(Saved entries)
Segment Open
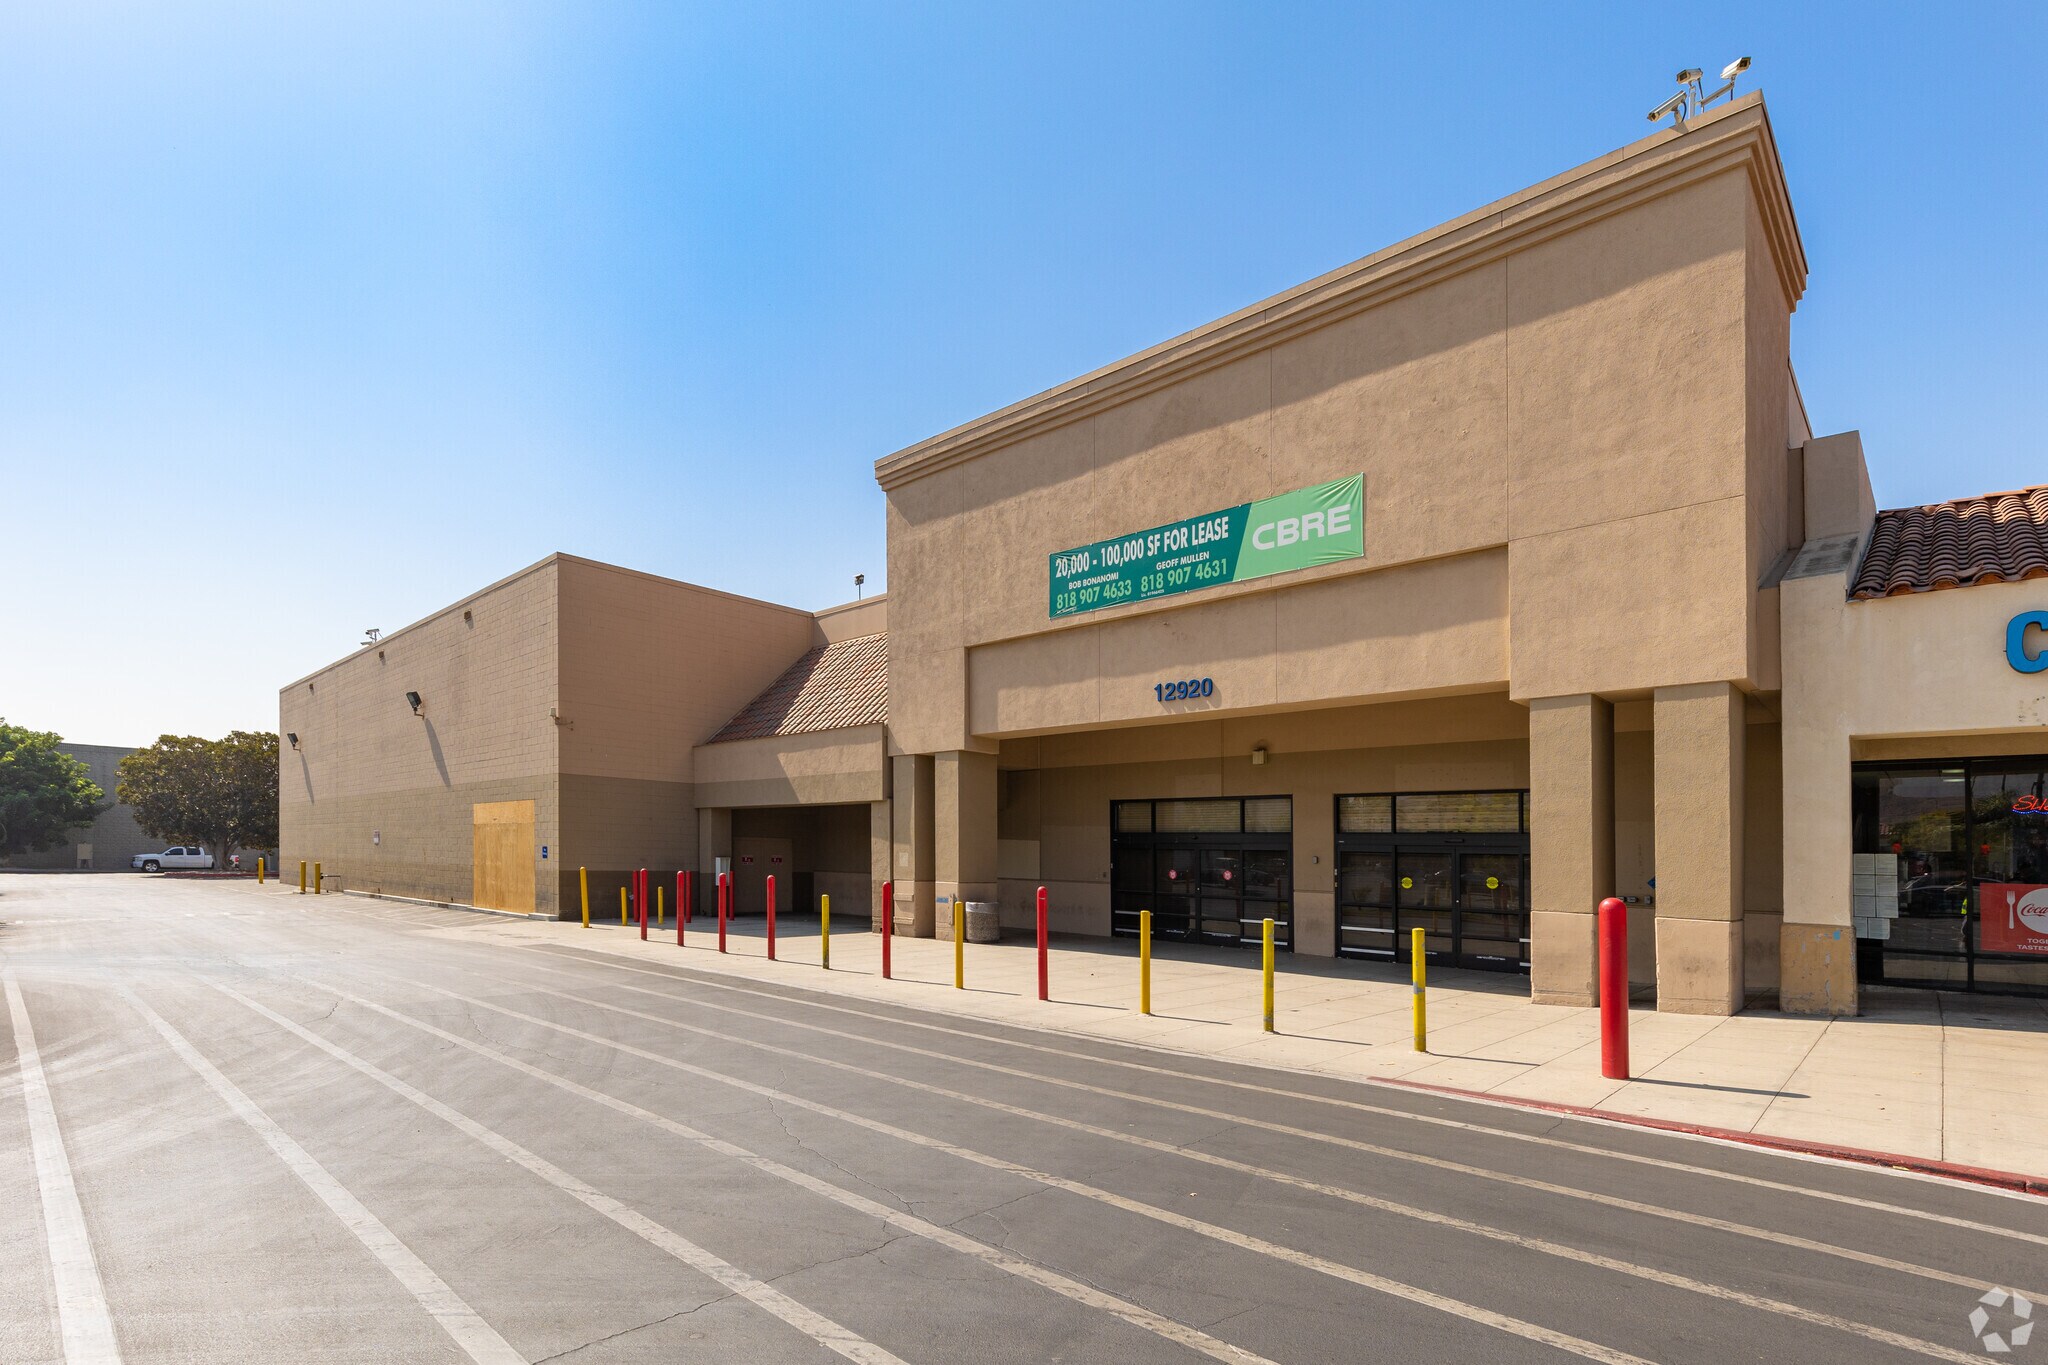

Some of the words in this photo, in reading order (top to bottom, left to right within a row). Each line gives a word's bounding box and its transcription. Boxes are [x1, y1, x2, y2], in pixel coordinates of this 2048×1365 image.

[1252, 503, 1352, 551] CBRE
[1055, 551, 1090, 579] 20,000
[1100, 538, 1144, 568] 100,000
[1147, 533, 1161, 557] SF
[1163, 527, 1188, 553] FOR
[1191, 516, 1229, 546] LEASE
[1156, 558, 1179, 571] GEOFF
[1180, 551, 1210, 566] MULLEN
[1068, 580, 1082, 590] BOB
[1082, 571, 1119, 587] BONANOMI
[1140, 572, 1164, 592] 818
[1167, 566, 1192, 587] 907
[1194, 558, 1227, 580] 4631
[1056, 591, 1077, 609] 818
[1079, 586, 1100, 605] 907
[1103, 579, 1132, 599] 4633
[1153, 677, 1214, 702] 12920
Segment Closed
**WHAT YOU WILL DO:** Set down the data above exactly as written. Omit the pictures.

**COMPLETED EXERCISE:**
Some of the words in this photo, in reading order (top to bottom, left to right within a row). Each line gives a word's bounding box and its transcription. Boxes are [x1, y1, x2, y2], in pixel coordinates of this 2048×1365 image.

[1252, 503, 1352, 551] CBRE
[1055, 551, 1090, 579] 20,000
[1100, 538, 1144, 568] 100,000
[1147, 533, 1161, 557] SF
[1163, 527, 1188, 553] FOR
[1191, 516, 1229, 546] LEASE
[1156, 558, 1179, 571] GEOFF
[1180, 551, 1210, 566] MULLEN
[1068, 580, 1082, 590] BOB
[1082, 571, 1119, 587] BONANOMI
[1140, 572, 1164, 592] 818
[1167, 566, 1192, 587] 907
[1194, 558, 1227, 580] 4631
[1056, 591, 1077, 609] 818
[1079, 586, 1100, 605] 907
[1103, 579, 1132, 599] 4633
[1153, 677, 1214, 702] 12920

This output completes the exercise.